As per Biostatistics Bootcamp 1, this is a seven week course covering four modules. Also, as per Biostatistics Bootcamp 1, you need to have a solid mathematical background or you will struggle. The course is assessed by a quiz per module, which is always preceeded by practice questions with worked solutions.
The course jumps straight in with hypothesis testing, confidence intervals, p-values and power, which was the only bit of the course to me that was revision. Still, it provided a good warmup (and demonstrated just how much I had forgotten on the subject!) and set the pace for the remainder of the course.
The course moves on in module two to binomial tests, relative risks, and odds ratios. This discussion sets up nicely for the fact that the remainder of the course focusses heavily on categorical data analysis. There is a brief discussion on the delta method- perhaps too brief, as its practical usage wasnt too clear to me after the lecture.

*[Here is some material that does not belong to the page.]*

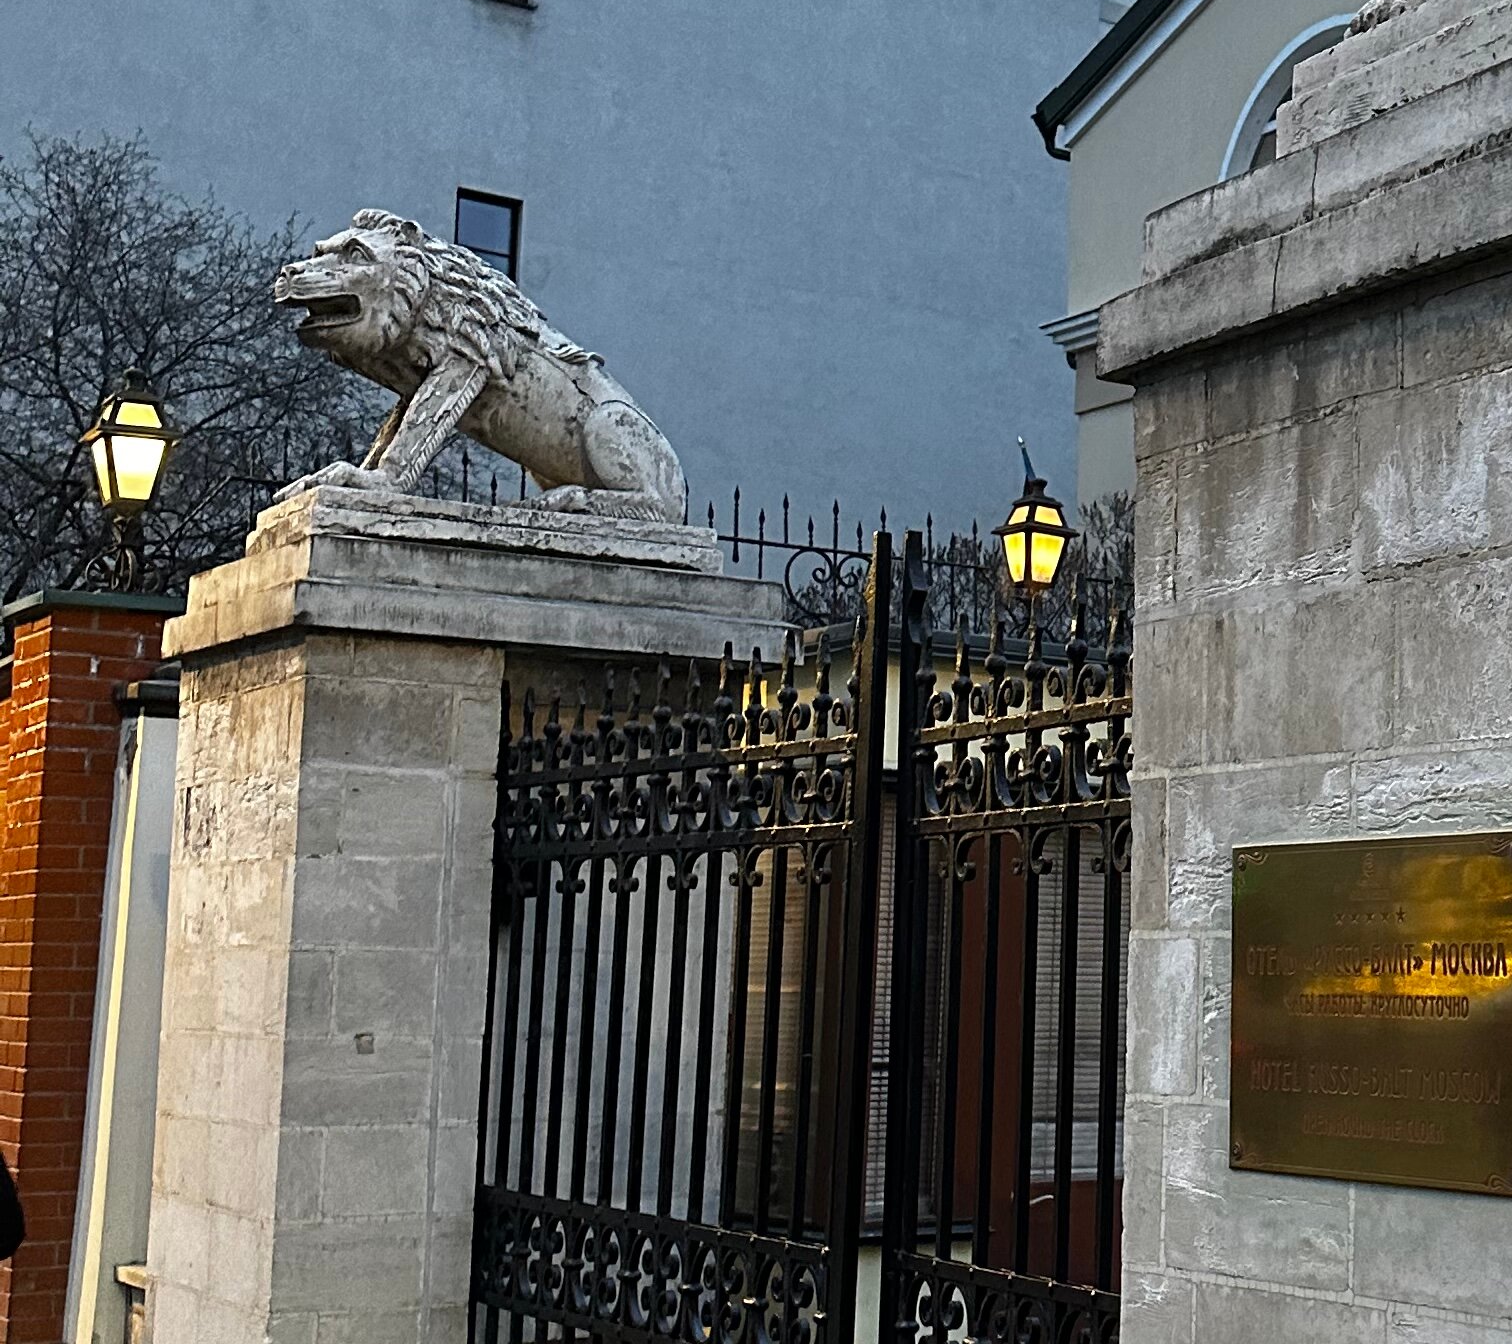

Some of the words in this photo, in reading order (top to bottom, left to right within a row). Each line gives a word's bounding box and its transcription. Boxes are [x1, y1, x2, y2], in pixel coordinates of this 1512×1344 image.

Heres where the really good stuff kicks in. Fishers exact tests, Chi-squared tests, looking at testing independence, equality of several proportions and goodness of fit testing. This stuff was really well discussed, with really neat examples- some fairly amusing as well! Details for practical implementation in R are also given.

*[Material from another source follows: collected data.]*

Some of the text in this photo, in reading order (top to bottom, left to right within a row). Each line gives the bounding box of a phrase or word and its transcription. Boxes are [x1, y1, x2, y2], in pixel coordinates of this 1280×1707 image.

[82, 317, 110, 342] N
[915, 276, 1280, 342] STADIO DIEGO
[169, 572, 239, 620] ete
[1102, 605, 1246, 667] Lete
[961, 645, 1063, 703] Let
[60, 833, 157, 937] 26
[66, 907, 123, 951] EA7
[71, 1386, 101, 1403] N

Simpsons paradox is covered, and then the course moves on to case-control data, and matched outcome tables. Finally, the module covers nonparametric tests. This last lecture is one where I think more worked examples would have been really beneficial. I finished the final lecture of the course feeling like I had received an information overload, and don't think I managed to digest all the information presented. Perhaps Brian should have rounded up to eight weeks, and taken his time a bit more for the last module.

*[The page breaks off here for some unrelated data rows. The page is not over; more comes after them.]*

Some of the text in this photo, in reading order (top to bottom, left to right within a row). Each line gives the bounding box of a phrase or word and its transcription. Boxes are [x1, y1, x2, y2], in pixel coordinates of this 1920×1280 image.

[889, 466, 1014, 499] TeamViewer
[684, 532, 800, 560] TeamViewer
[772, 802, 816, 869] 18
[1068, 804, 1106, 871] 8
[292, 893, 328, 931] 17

Overall, another fantastic course from Brian Caffo. I really enjoyed his teaching style, and think I took a lot from this course. I wouldnt claim by any stretch of the imagination to be an expert in statistics, but I think its really crucial to get exposed to this stuff, and know what tools and techniques are available. Brian mentions that this stuff is entry level Masters of Biostatistics. If I ever had the time, I would love to complete a Masters in some form of statistics- I think that is the best compliment I can give. This stuff is interesting, challenging, and rewarding to learn and understand.
TL;DR- a great intermediate statistics course, which will familiarise you with many topics key to categorical data analysis and predictive statistical modelling, as well as other areas. If you want to gain a decent base level of understanding, I recommend this course. But be prepared for a challenge!